#### [YOUR OBJECTIVE]
Here the job is to transcribe the data verbatim while leaving each picture out.

#### [THE DATA]

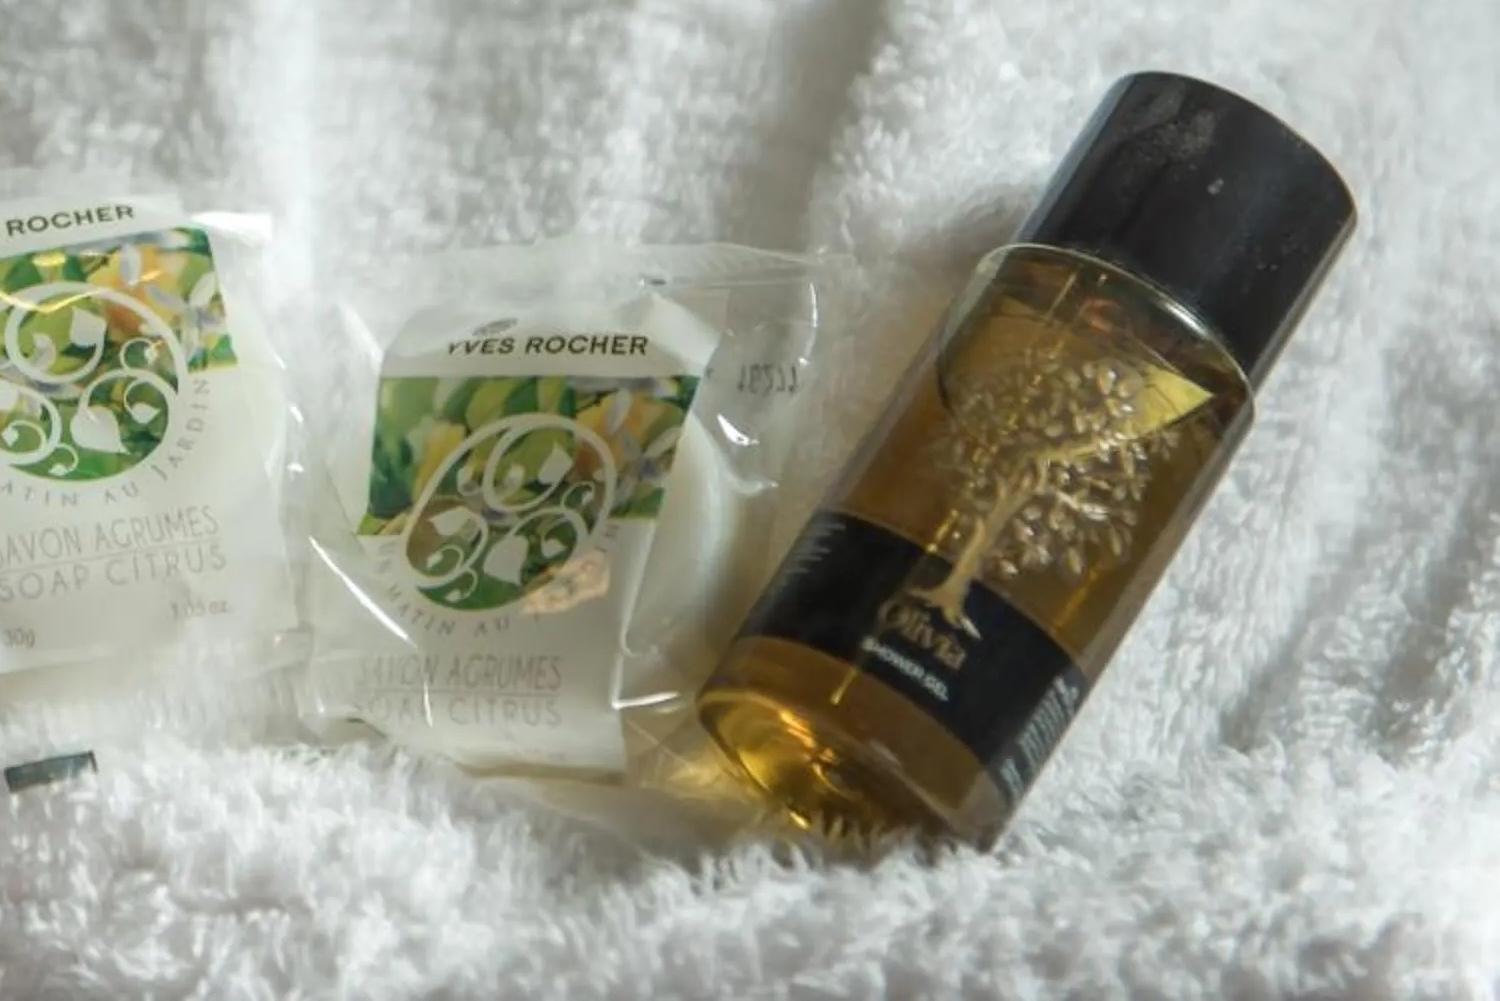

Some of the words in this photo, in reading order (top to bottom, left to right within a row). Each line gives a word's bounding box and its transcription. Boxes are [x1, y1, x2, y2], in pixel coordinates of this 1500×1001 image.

[6, 205, 135, 237] ROCHER
[449, 337, 515, 355] YVES
[524, 335, 649, 356] ROCHER
[104, 481, 139, 503] AU
[152, 379, 210, 480] JARDIN
[94, 505, 220, 551] AGRUMES
[104, 544, 227, 586] CITRUS
[472, 615, 511, 638] AU
[446, 652, 563, 691] AGRUMES
[449, 695, 563, 727] CITRUS
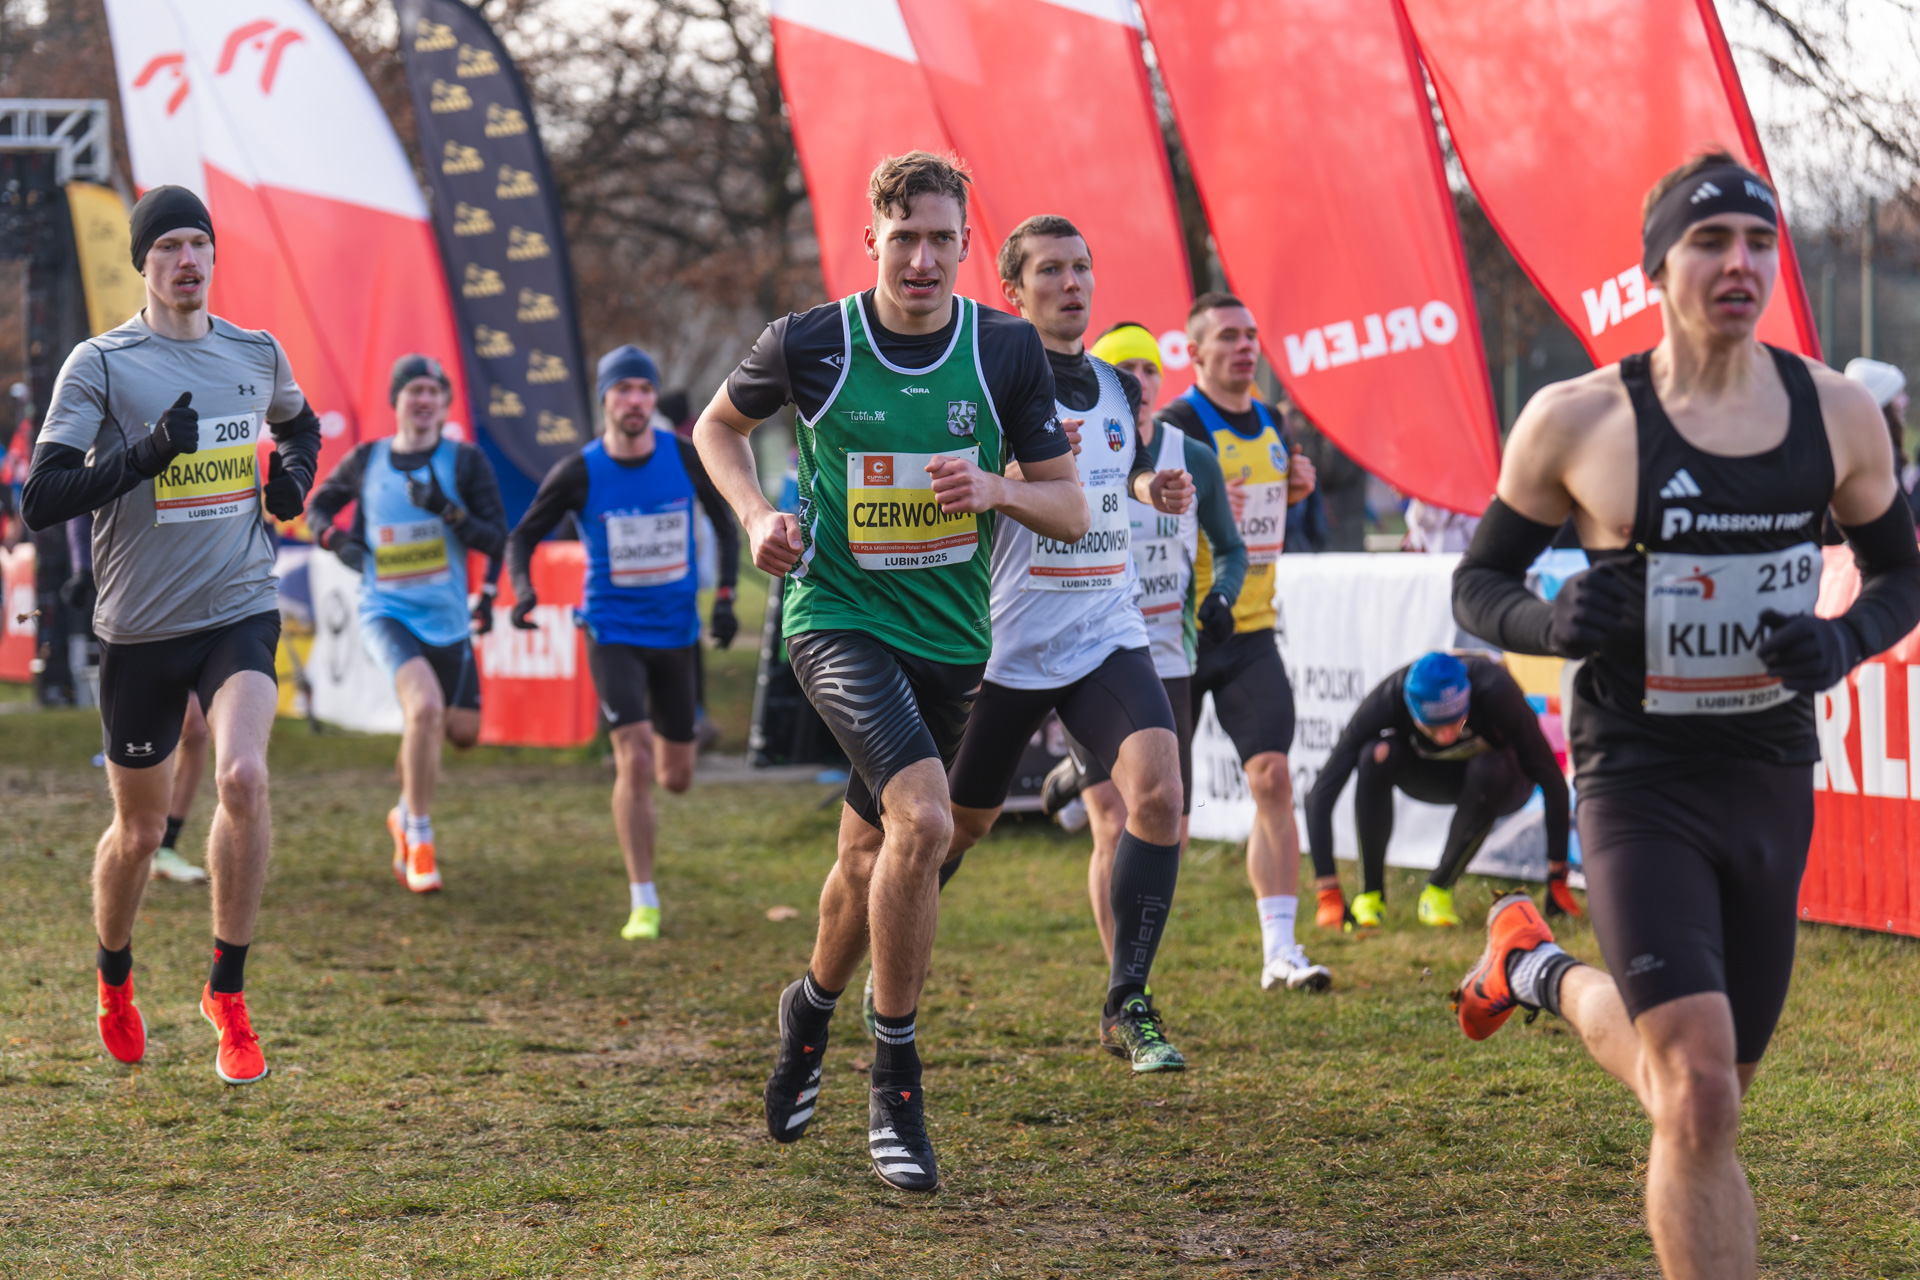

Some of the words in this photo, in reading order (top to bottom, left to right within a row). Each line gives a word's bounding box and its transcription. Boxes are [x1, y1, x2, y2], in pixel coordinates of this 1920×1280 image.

#### [RESULT BELOW]
Some of the words in this photo, in reading order (top to bottom, left to right within a row). Each line gives a word's bounding box and its transcription. Boxes are [x1, y1, x2, y2], in pixel coordinates of this 1500×1001 image.

[6, 205, 135, 237] ROCHER
[449, 337, 515, 355] YVES
[524, 335, 649, 356] ROCHER
[104, 481, 139, 503] AU
[152, 379, 210, 480] JARDIN
[94, 505, 220, 551] AGRUMES
[104, 544, 227, 586] CITRUS
[472, 615, 511, 638] AU
[446, 652, 563, 691] AGRUMES
[449, 695, 563, 727] CITRUS

Some of the words in this photo, in reading order (top to bottom, left to right within a row). Each line gives a word's bounding box and its transcription. Boxes are [x1, y1, x2, y2], in pixel coordinates of this 1920×1280 image.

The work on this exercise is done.